By Don Quijones, Spain, UK, & Mexico, editor at WOLF STREET.

After years of graft probes that have tarnished governments throughout Latin America and left a trail of economic destruction in their wake, Brazilian conglomerate Odebrecht SA announced on Monday it was filing for bankruptcy protection. The company aims to restructure debts of 51 billion reais ($13 billion). But as Bloomberg points out, it has total inter-company loans and other debts estimated to be worth 98.5 billion reais ($25.3 billion), which is enough to make Odebrecht’s bankruptcy filing the largest in Latin American history.

The debt restructuring will affect around 15 of the group’s subsidiaries, but will not include assets such as petrochemical producer Braskem SA, sugar and ethanol subsidiary Atvos Agroindustrial Participacoes SA, construction unit Odebrecht Engenharia e Construcao (OEC), oil company Ocyan, shipmaker Enseada, Odebrecht Transport or homebuilder Incorporadora OR.

The bankruptcy filing comes as financial pressures reached a tipping point for Odebrecht, the Brazilian engineering group the rotten core uncovered by Operation Car Wash, an ongoing criminal investigation that resulted in the imprisonment of senior political and business figures from across Latin America, including Brazil’s former richest man, Eike Batista. The corruption scandal has done extensive damage to Brazil’s state-owned oil behemoth Petrobras, turning its bonds from investment grade into junk virtually overnight, and has set back Odebrecht billions of dollars in fines— money it has struggled to pay without putting its own solvency in jeopardy.

By late last week, perpetual bonds guaranteed by Odebrecht’s construction unit were trading at around 6 cents on the dollar. The group’s ethanol unit Atvos SA was the first to file for bankruptcy protection, in early June. The conglomerate had hoped to raise cash through the sale of its controlling stake in its most profitable subsidiary, petrol company Braskem SA, to Lyondell Basell Industries NV, but the deal fell through after Braskem failed to file its 2017 annual report with the SEC on time.

After a sharp decline in Braskem’s stock price last week, the shares, which had served as guarantees for the R$12.7 billion of debt ($3.27 billion) Odebrecht owed to a consortium of banks, no longer fully covered the debt for which they were pledged as collateral.

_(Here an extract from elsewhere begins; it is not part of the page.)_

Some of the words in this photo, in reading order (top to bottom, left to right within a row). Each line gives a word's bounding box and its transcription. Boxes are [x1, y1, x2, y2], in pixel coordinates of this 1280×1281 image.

As a result, Odebrecht was unable to meet its commitments to the Brazilian lenders Itaú, Caixa Economica Federal, Bradesco, the National Bank for Economic and Social Development (BNDES), Banco do Brasil and Santander Brasil.

Odebrecht’s biggest creditors are the public-owned banks BNDES, Banco do Brasil and Caixa Economica Federal. Brazil’s biggest bank, Banco do Brasil, alone is owed R$9 billion ($2.25 billion).

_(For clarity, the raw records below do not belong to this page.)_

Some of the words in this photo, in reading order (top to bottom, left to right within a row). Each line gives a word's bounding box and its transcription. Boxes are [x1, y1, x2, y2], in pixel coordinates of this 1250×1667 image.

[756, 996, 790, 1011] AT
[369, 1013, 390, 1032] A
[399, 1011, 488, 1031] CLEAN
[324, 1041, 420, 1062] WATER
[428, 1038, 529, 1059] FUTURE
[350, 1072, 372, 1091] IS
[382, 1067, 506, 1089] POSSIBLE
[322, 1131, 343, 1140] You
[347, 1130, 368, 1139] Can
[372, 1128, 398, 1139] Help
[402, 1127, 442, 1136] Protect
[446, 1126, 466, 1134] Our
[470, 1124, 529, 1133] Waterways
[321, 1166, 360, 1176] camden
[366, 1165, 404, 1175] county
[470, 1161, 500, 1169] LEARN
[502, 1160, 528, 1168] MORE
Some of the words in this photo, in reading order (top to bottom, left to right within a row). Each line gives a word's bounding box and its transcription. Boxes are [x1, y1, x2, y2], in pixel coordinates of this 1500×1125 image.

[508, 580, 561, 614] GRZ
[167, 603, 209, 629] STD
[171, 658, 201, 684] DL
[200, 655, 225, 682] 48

Banco do Brasil’s president, Rubem Novaes, warned earlier this month that any petition by Odebrecht for bankruptcy protection is of cause for concern to financial institutions like his own. “There is a concern, yes, but luckily we are well provisioned,” he said after a meeting with Economy Minister Paulo Guedes and the presidents of BNDES and Caixa Economica Federal.

The private banks Bradesco, Santander and Itaú are a little less exposed to the fallout since a large chunk of the debt they are owed by Odebrecht is guaranteed by shares in Braskem. A much smaller part of the debt owed to BNDES and BB is guaranteed in this way. As for Caixa, it has much flimsier guarantees on the 6 billion reias ($1.54 billion) it is owed, which is probably why it was the first lender to force Odebrecht’s hand by executing the holding guarantees on soccer stadium Arena Corinthians, triggering a cross default.

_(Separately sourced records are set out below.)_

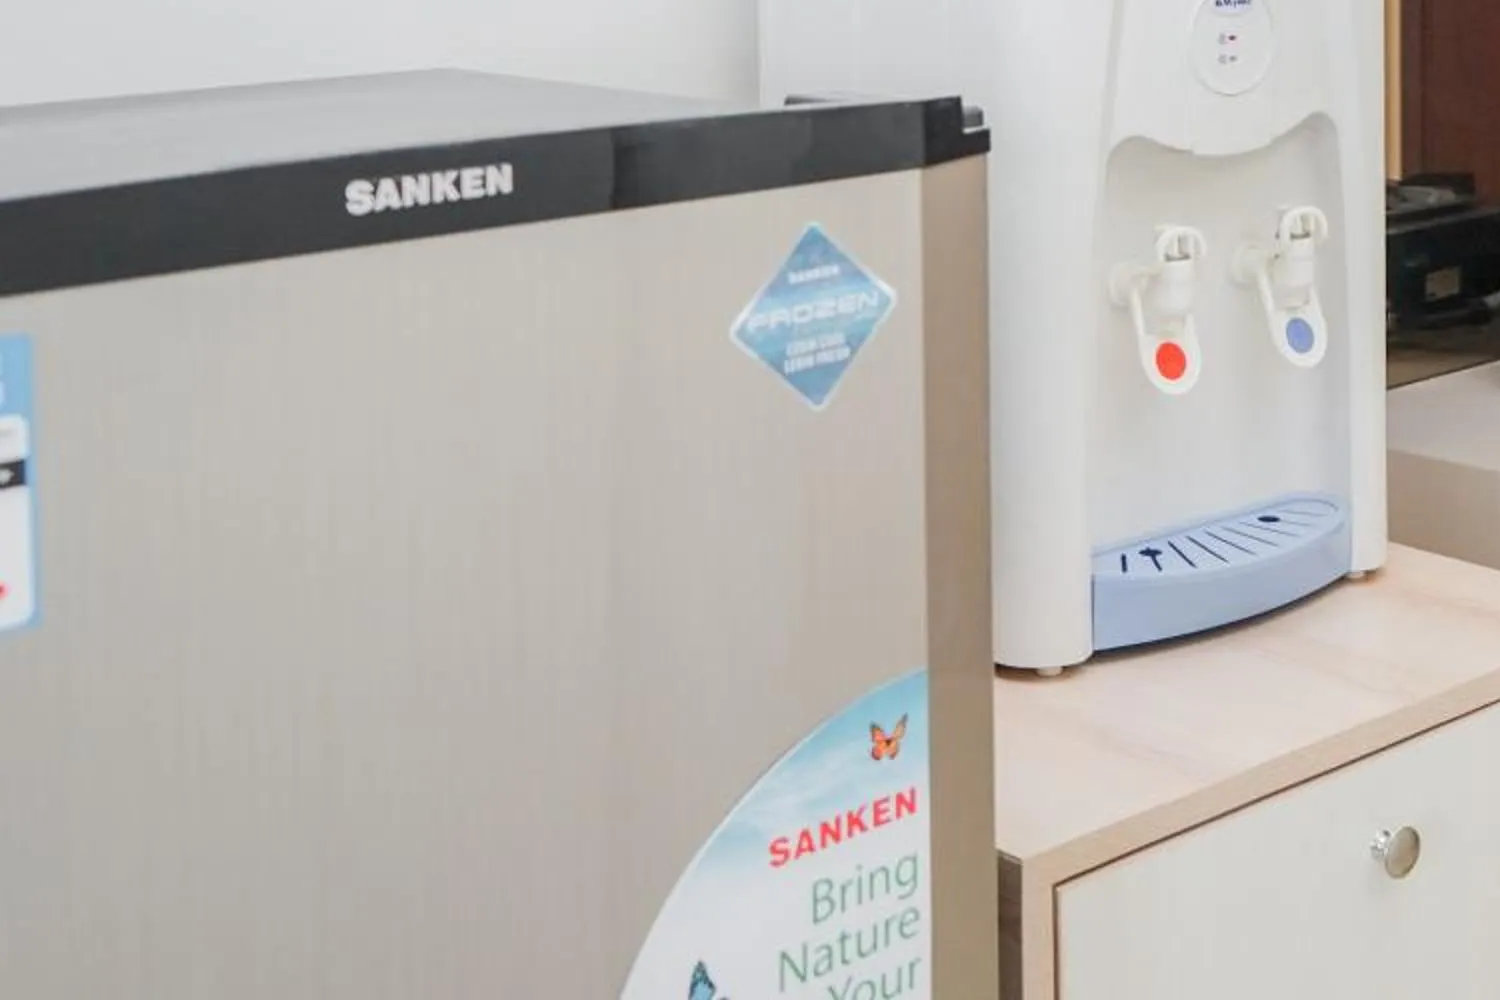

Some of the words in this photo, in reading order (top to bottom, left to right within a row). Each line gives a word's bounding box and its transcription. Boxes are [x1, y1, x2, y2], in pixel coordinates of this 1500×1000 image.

[345, 162, 513, 216] SANKEN
[747, 290, 879, 333] FROZEN
[769, 786, 917, 868] SANKEN
[812, 851, 918, 925] Bring
[779, 907, 921, 993] Nature
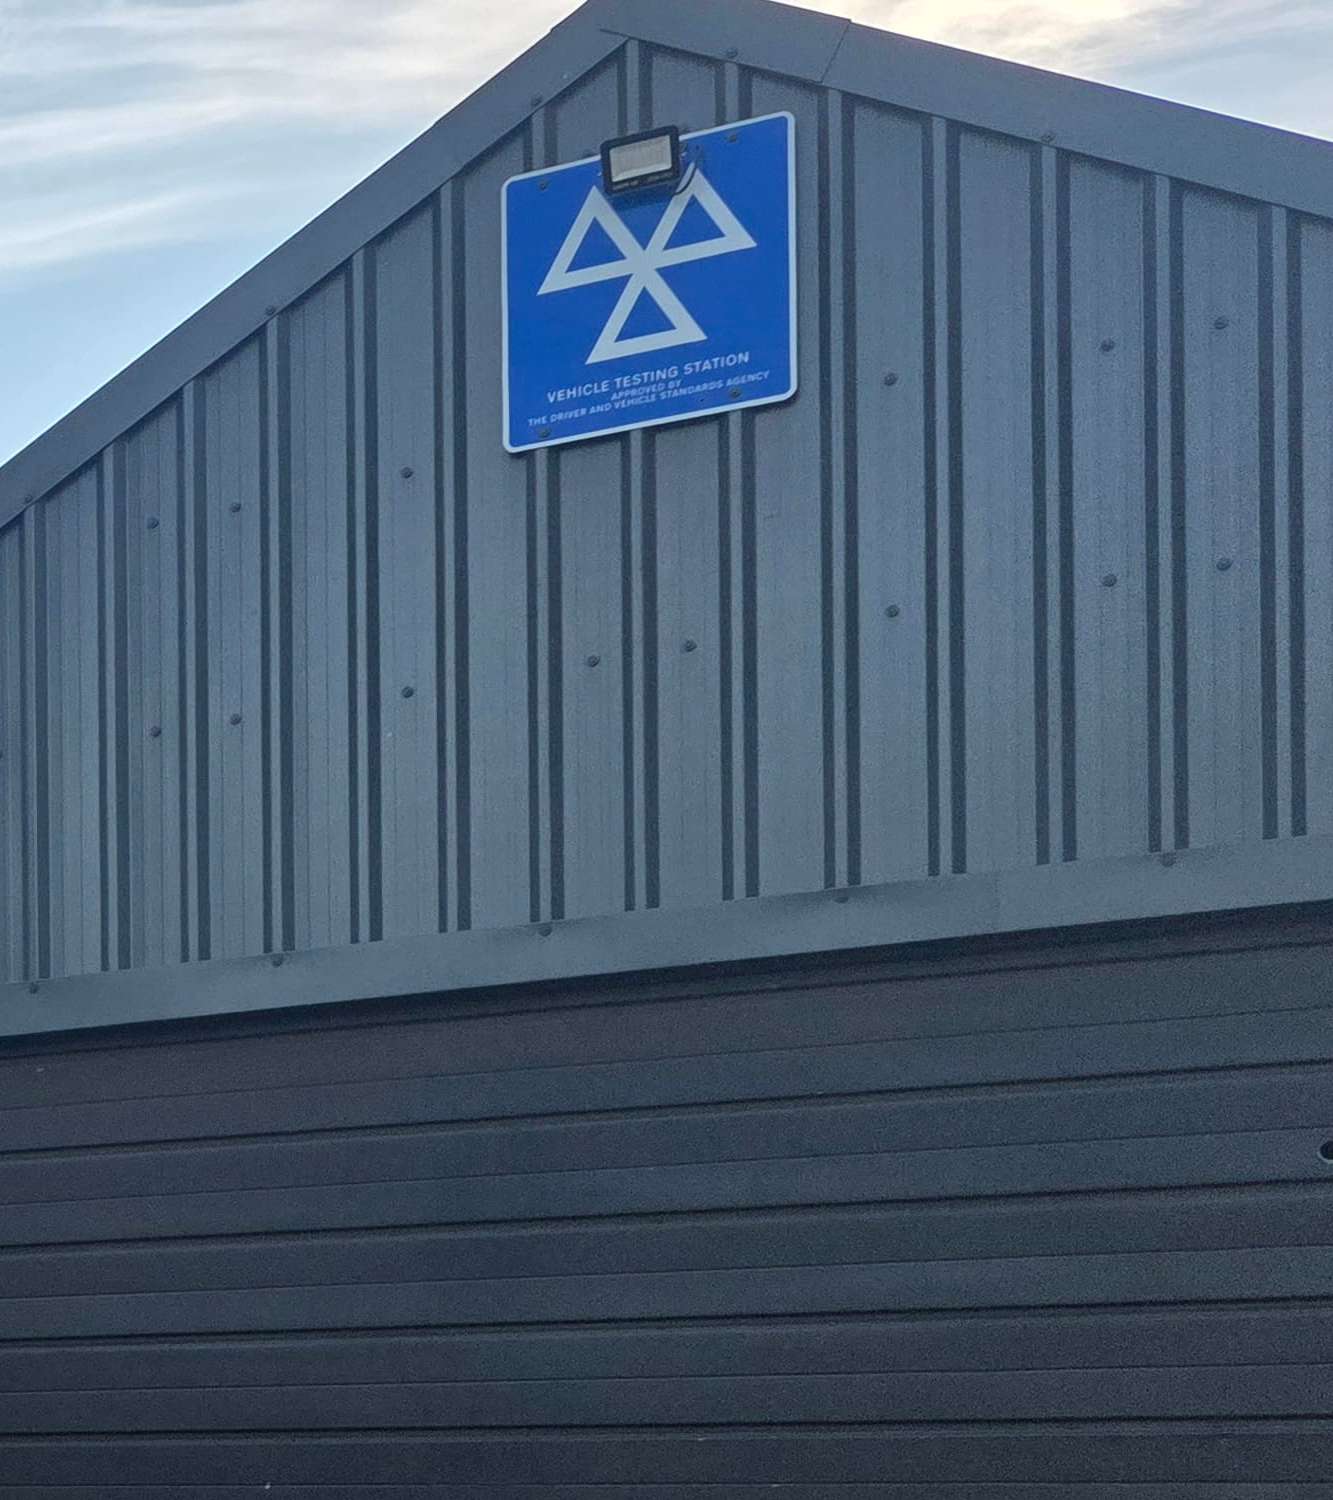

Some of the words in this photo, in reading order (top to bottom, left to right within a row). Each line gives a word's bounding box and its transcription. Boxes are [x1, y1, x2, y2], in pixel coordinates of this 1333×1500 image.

[528, 416, 548, 427] THE
[550, 408, 587, 423] DRIVER
[589, 402, 612, 415] AND
[614, 393, 657, 409] VEHICLE
[660, 379, 724, 400] STANDARDS
[726, 369, 771, 387] AGENCY
[547, 380, 610, 403] VEHICLE
[614, 365, 679, 389] TESTING
[684, 351, 750, 376] STATION
[611, 383, 666, 400] APPROVED
[668, 380, 682, 390] BY

Another group of creditors that will be watching developments closely are overseas bondholders. The bonds, which total some 12 billion reias ($3.1 billion), were issued by a company called OSL, which is linked to Obedrecht’s holding company. However, they are guaranteed by the group’s OEC construction arm, which means they will be subject to a separate negotiation.

But in all likelihood the biggest victims of Odebrecht’s bankruptcy will be its legions of workers and Latin American suppliers, many of whom have already lost their jobs or been put out of business by the domino-like succession of plant closures and project shutdowns or suspensions that followed in the wake of the largest foreign bribery case in history. Now, many more could be about to suffer the same fate. By Don Quijones.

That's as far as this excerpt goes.